GIVEN DATA ▸
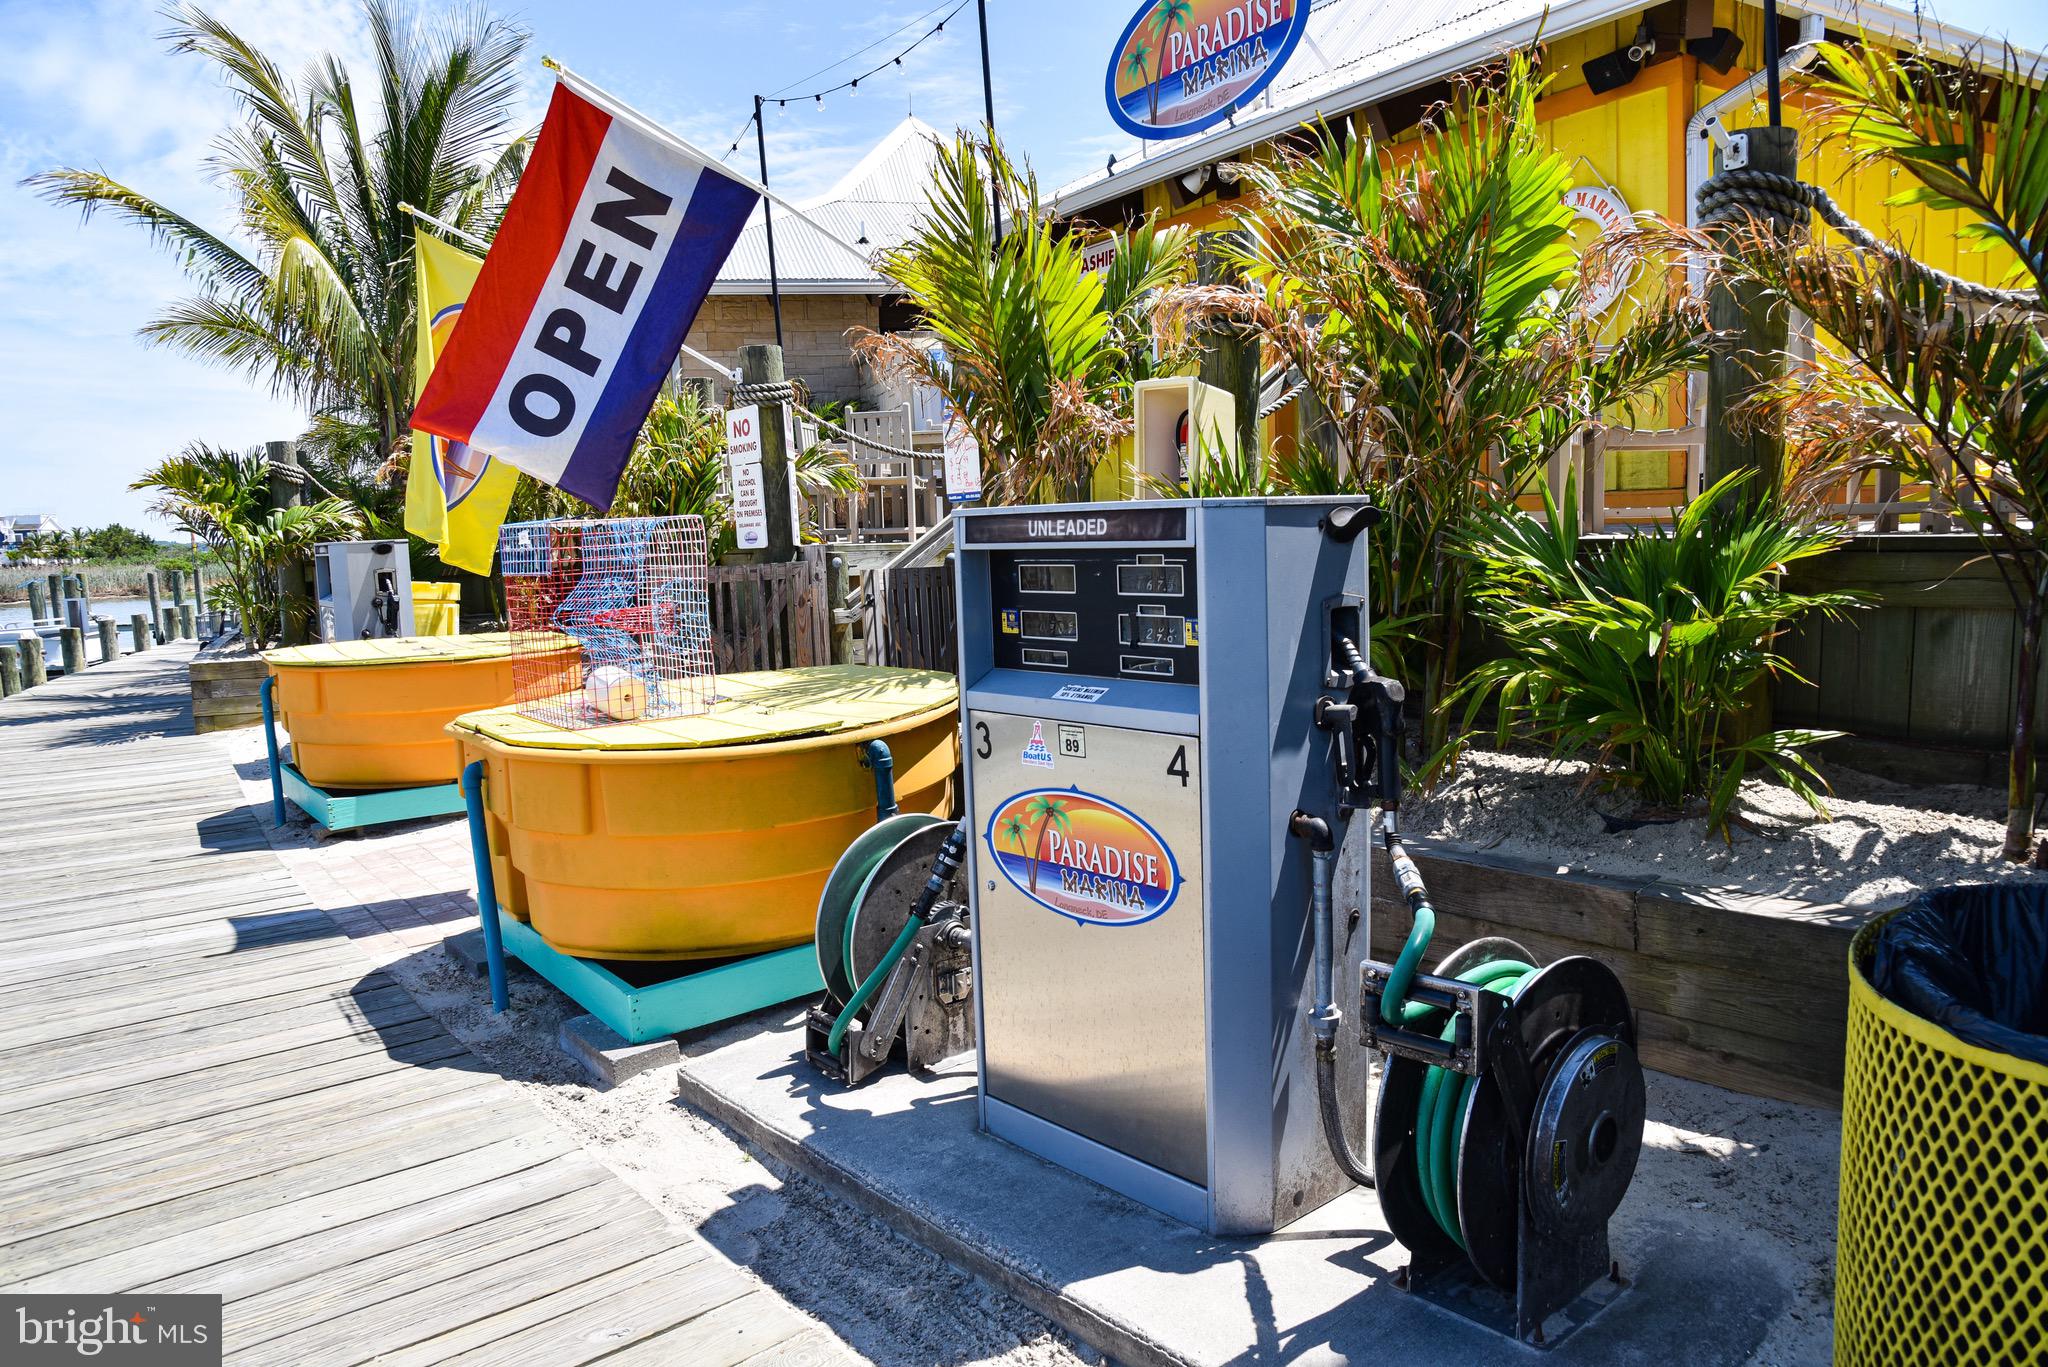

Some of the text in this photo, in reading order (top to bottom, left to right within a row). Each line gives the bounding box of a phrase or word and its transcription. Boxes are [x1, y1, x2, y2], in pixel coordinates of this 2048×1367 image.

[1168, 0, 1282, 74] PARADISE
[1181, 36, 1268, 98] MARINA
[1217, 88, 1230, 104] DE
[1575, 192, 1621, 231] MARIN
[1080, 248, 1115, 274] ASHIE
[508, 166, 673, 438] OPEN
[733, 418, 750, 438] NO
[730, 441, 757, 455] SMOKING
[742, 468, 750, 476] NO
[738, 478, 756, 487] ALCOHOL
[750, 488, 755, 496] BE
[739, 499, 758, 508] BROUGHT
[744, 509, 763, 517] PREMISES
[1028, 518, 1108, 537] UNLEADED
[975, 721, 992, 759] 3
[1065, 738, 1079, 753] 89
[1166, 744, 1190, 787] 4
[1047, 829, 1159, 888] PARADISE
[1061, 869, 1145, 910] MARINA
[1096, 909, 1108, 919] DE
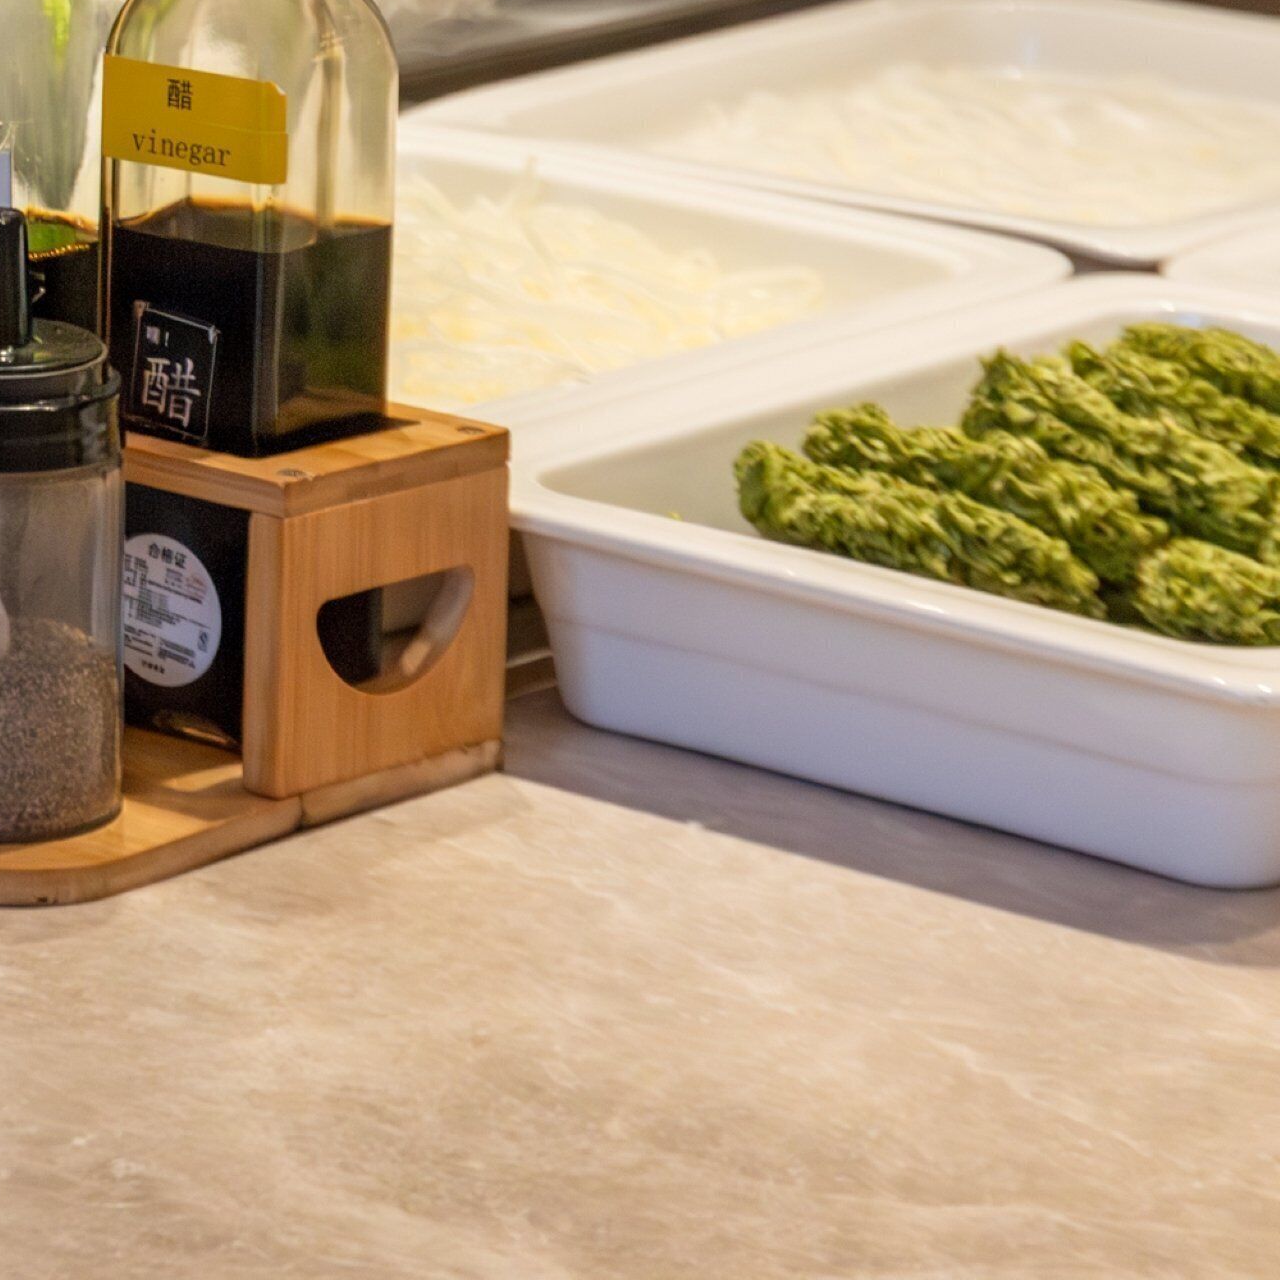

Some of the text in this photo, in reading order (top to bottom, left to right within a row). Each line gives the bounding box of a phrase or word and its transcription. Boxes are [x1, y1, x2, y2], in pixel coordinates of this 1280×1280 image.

ASSIGNED TASK ▸ Please return each line of the listing exactly as written, excluding the images.

RESULT FOR THIS TASK ▸
Some of the text in this photo, in reading order (top to bottom, left to right within a row). Each line gives the bounding box of a phrase or word and its transcription. Boxes are [x1, y1, x2, y2], in pixel coordinates of this 2048×1367 image.

[1168, 0, 1282, 74] PARADISE
[1181, 36, 1268, 98] MARINA
[1217, 88, 1230, 104] DE
[1575, 192, 1621, 231] MARIN
[1080, 248, 1115, 274] ASHIE
[508, 166, 673, 438] OPEN
[733, 418, 750, 438] NO
[730, 441, 757, 455] SMOKING
[742, 468, 750, 476] NO
[738, 478, 756, 487] ALCOHOL
[750, 488, 755, 496] BE
[739, 499, 758, 508] BROUGHT
[744, 509, 763, 517] PREMISES
[1028, 518, 1108, 537] UNLEADED
[975, 721, 992, 759] 3
[1065, 738, 1079, 753] 89
[1166, 744, 1190, 787] 4
[1047, 829, 1159, 888] PARADISE
[1061, 869, 1145, 910] MARINA
[1096, 909, 1108, 919] DE

Some of the text in this photo, in reading order (top to bottom, left to right within a row). Each line gives the bounding box of a phrase or word and its transcription. Boxes are [x1, y1, x2, y2], in pixel coordinates of this 1280×1280 image.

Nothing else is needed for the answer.